O coração humano (1)

por seminarista Carlos Gomes
O homem sempre procurou Deus como um louco sedento do sublime em meio às misérias do seu tempo. Jeito um tanto forte para iniciar esta reflexão, mais complicado ainda, fazer uma “análise” deste porte, não porque os termos são vagos, mas sim, devido a centralidade do coração humano, enquanto o objeto de pesquisa. Este objeto pulsa para além do ritmo biológico, trata-se de um pulsar de palavras ditas no silêncio dos fatos históricos, e que, neste sentido, espera um interlocutor, alguém que tenha uma capacidade de adentrar um contexto assim, alcançando o infinito que “sustenta” o viver. Por outro lado, não temos dúvidas de que as manifestações religiosas ao longo do “pulsar histórico” encontram um horizonte para além da práxis, não porque o sentido do agir é algum elemento teórico do agir, mas sim, porque nas entrelinhas do agir o interlocutor se apresenta sem destruir o “pulsar silencioso”, antes, se apresenta neste redil da busca do sublime, para se apresentar com sua face também sublime, que apenas o coração reconhece.

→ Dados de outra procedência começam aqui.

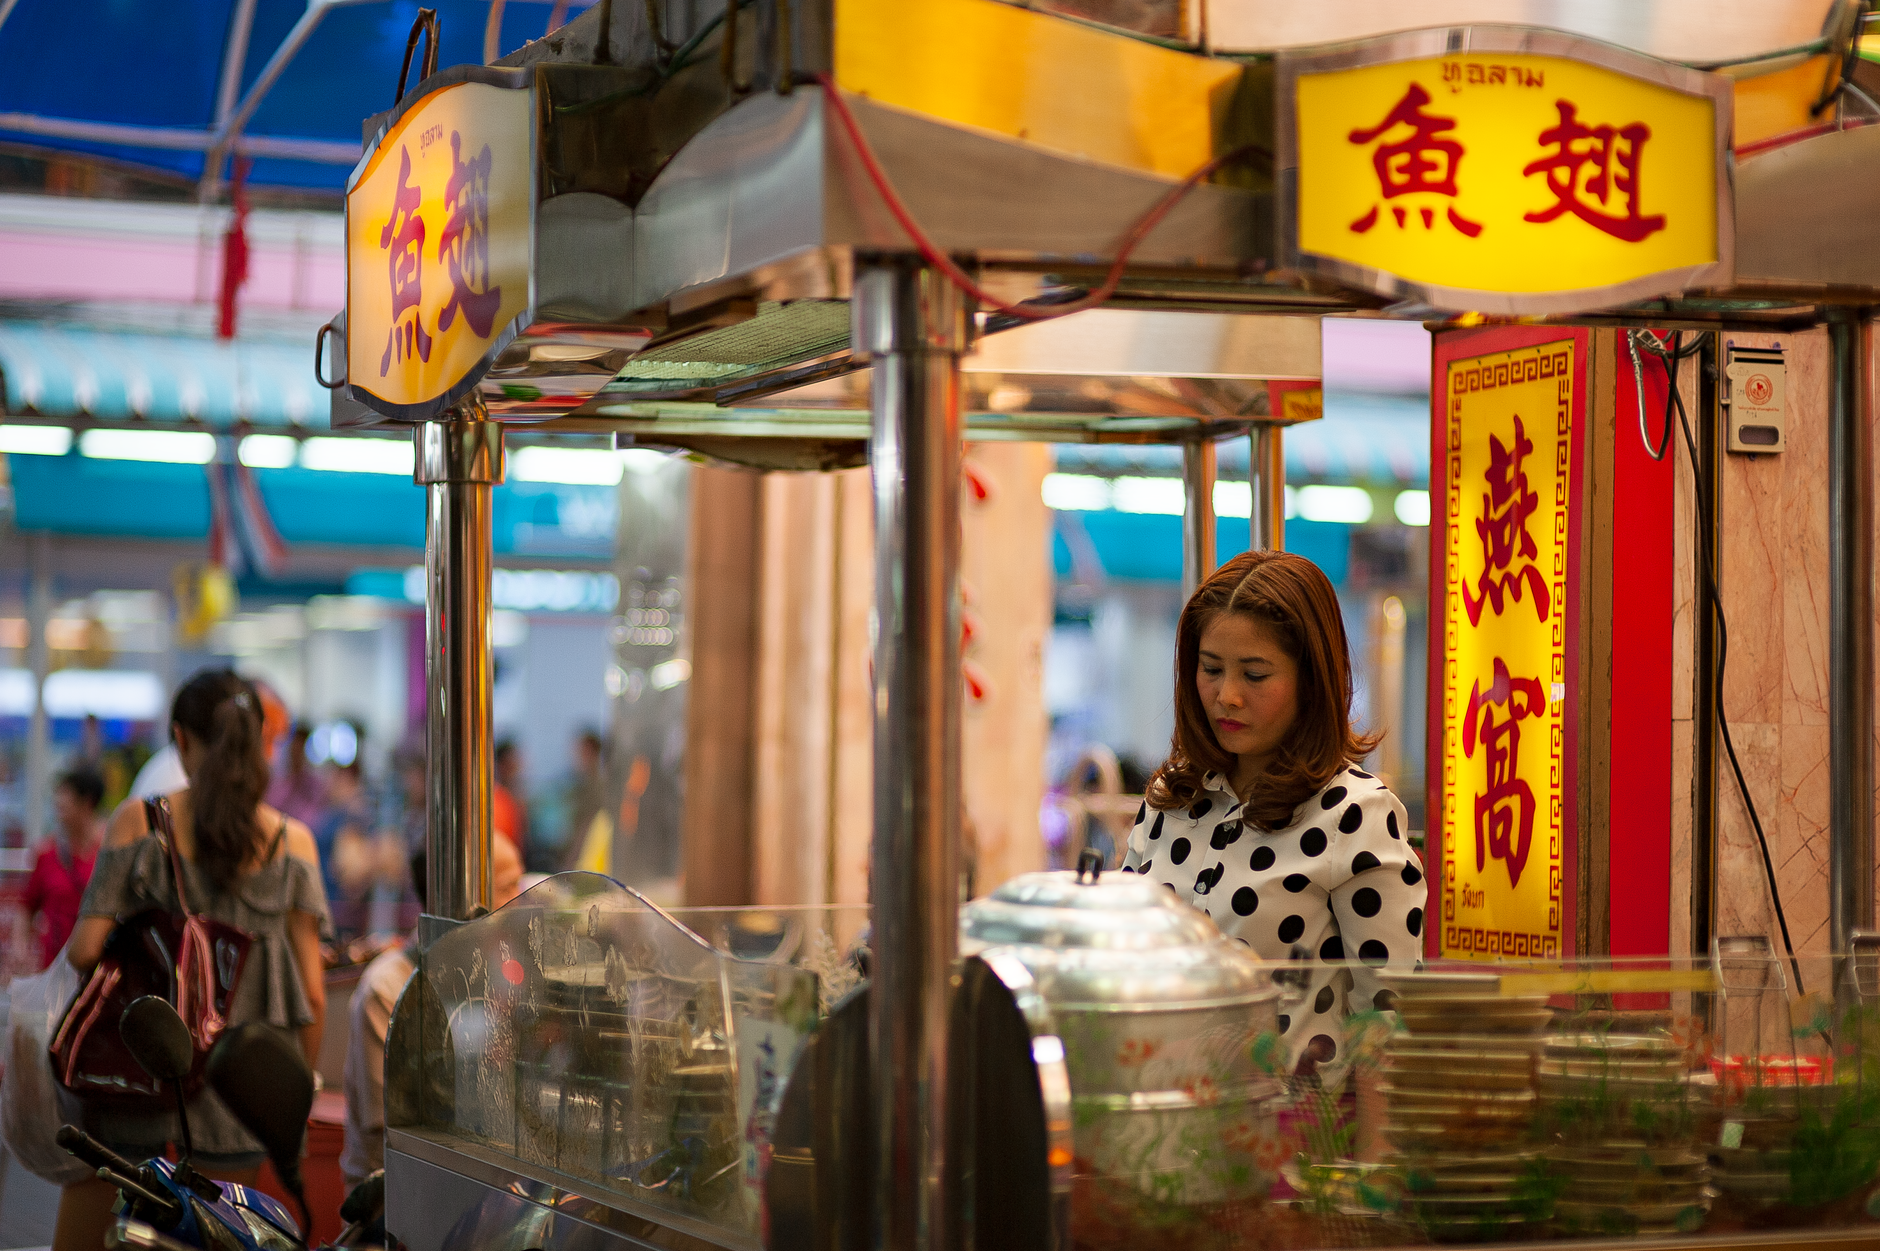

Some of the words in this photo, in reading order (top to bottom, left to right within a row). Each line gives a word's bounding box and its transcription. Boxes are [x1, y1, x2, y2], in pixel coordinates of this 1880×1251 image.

[380, 129, 500, 377] 魚翅
[1348, 82, 1668, 243] 魚翅
[1462, 413, 1550, 890] 燕窩

Neste sentido temos um verdadeiro diálogo, em que o interlocutor para dar “conta do recado” deve contemplar categorias que em última instância se configuram no Criador de tudo aquilo que na história não contradiz a Si e como o coração entra no desdobramento do criar de Deus, encontramos no “dialogar” uma vocação que encontra repouso apenas na comunhão com Ele e no “amor-Amor” o ritmo histórico que se arrebenta em um estado de alegria indizível, encontrando na “liberdade-Verdade” a carta magna do coração, nosso singelo objeto de reflexão.